Give back every record exactly, with its pictures left out.

◆ Records shown

····················

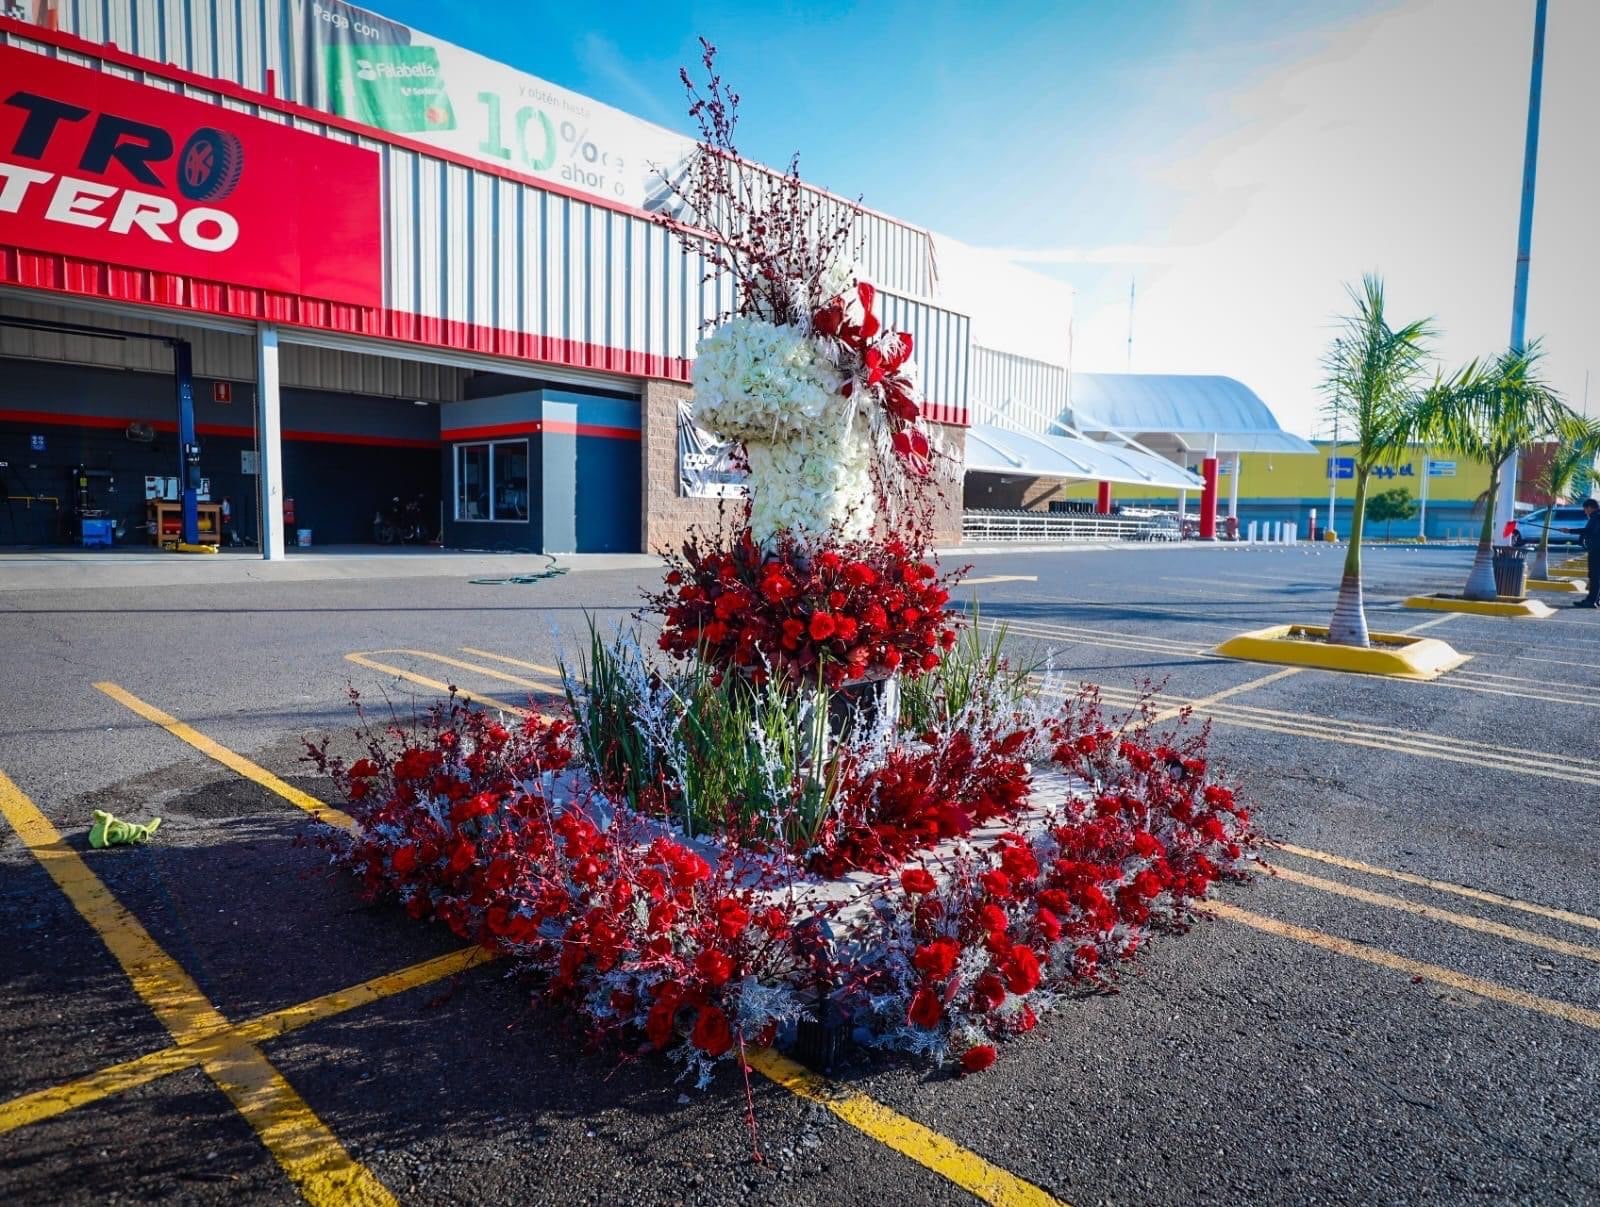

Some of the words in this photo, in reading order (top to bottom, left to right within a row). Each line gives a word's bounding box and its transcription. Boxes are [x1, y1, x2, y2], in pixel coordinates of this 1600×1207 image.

[312, 3, 350, 30] Paga
[353, 22, 380, 41] con
[376, 62, 436, 78] Falabella
[519, 85, 526, 97] y
[560, 162, 626, 197] ahoro
[0, 162, 240, 253] TERO

····················

◆ Exercise output
Some of the words in this photo, in reading order (top to bottom, left to right within a row). Each line gives a word's bounding box and its transcription. Boxes are [x1, y1, x2, y2], in pixel coordinates of this 1600×1207 image.

[312, 3, 350, 30] Paga
[353, 22, 380, 41] con
[376, 62, 436, 78] Falabella
[519, 85, 526, 97] y
[560, 162, 626, 197] ahoro
[0, 162, 240, 253] TERO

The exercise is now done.